- [DATA FOR ANALYSIS]
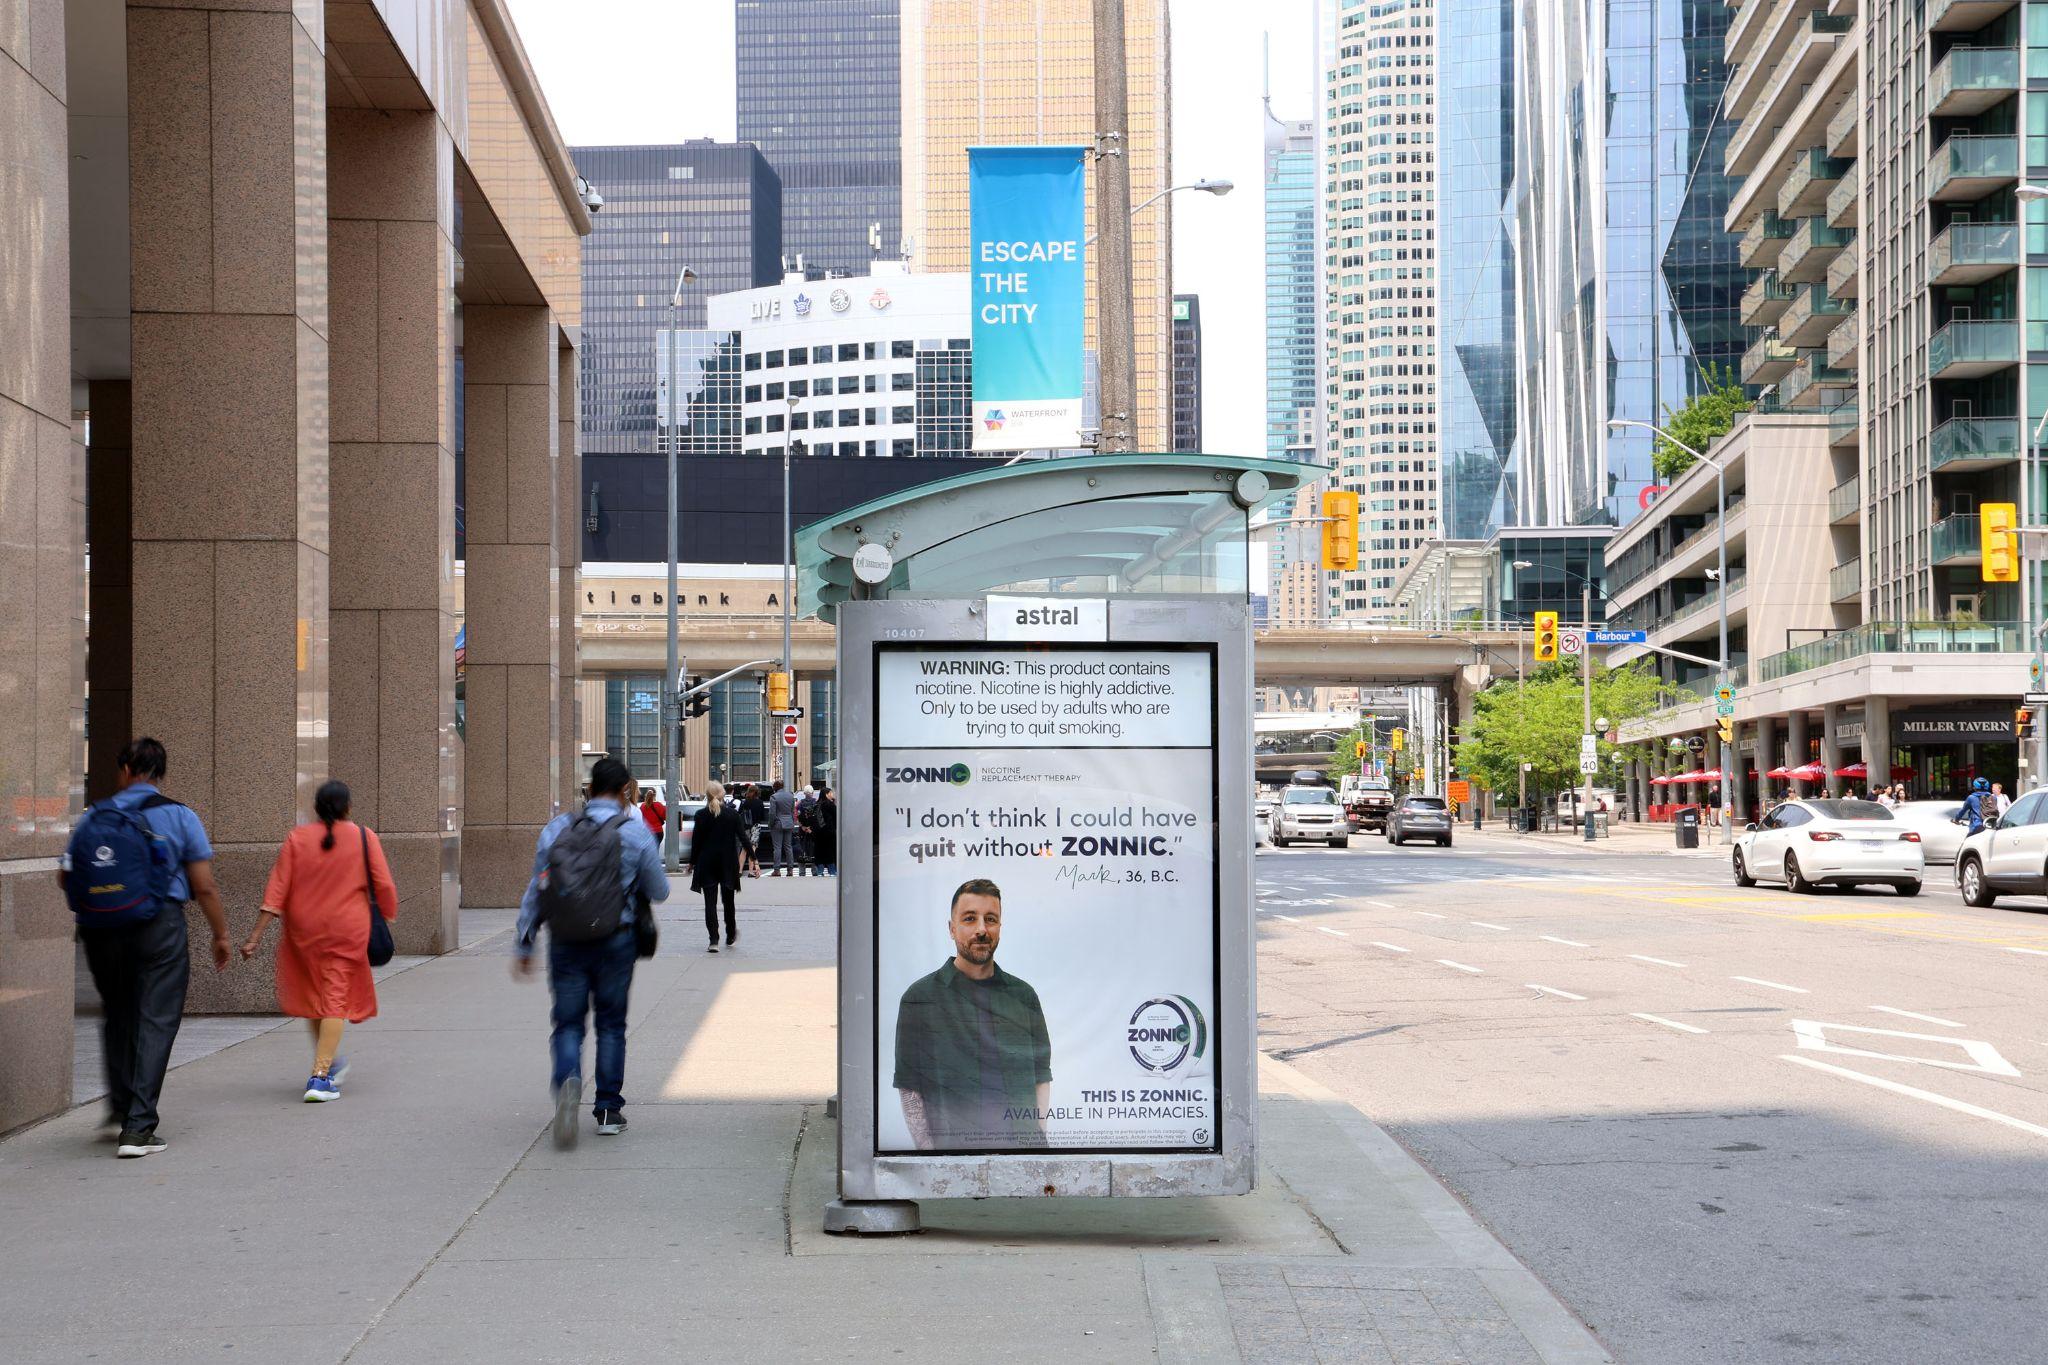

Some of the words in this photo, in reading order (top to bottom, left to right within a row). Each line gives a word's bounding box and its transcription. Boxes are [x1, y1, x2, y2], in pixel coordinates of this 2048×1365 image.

[981, 241, 1077, 262] ESCAPE
[980, 273, 1028, 293] THE
[981, 304, 1038, 324] CITY
[1011, 408, 1068, 418] WATERFRONT
[1016, 606, 1079, 625] astral
[885, 629, 924, 638] 10407
[1596, 632, 1630, 641] Harbour
[920, 660, 1010, 675] WARNING:
[1014, 660, 1046, 675] This
[1050, 661, 1106, 678] product
[1108, 661, 1171, 675] contains
[915, 681, 976, 695] nicotine.
[981, 681, 1040, 695] Nicotine
[1044, 681, 1056, 695] is
[1060, 681, 1103, 698] highly
[1107, 681, 1175, 695] addictive.
[921, 700, 956, 718] Only
[960, 701, 974, 715] to
[977, 701, 997, 715] be
[1001, 701, 1037, 715] used
[1041, 701, 1060, 718] by
[1063, 700, 1107, 715] adults
[1111, 701, 1142, 715] who
[1146, 703, 1170, 715] are
[966, 721, 1006, 738] trying
[1010, 721, 1025, 735] to
[1028, 721, 1055, 738] quit
[1059, 721, 1125, 738] smoking.
[1903, 722, 1956, 732] MILLER
[1957, 721, 2011, 732] TAVERN
[1582, 761, 1596, 771] 40
[886, 767, 967, 783] ZONNIC
[988, 807, 1048, 828] think
[1056, 807, 1061, 828] I
[1070, 807, 1133, 827] could
[1142, 807, 1198, 827] have
[909, 837, 956, 863] quit
[963, 837, 1054, 857] without
[1125, 870, 1147, 884] 36,
[1151, 870, 1179, 883] B.C.
[1128, 1028, 1189, 1042] ZONNIC
[1081, 1090, 1117, 1103] THIS
[1121, 1090, 1136, 1102] IS
[1140, 1089, 1208, 1103] ZONNIC.
[1003, 1107, 1083, 1120] AVAILABLE
[1088, 1108, 1103, 1119] IN
[1108, 1106, 1208, 1119] PHARMACIES.

- [HOW TO COMPLETE THIS TASK] Would you report every line of the entries above containing the word "quit"?

- [THE COMPLETED TASK]
[1028, 721, 1055, 738] quit
[909, 837, 956, 863] quit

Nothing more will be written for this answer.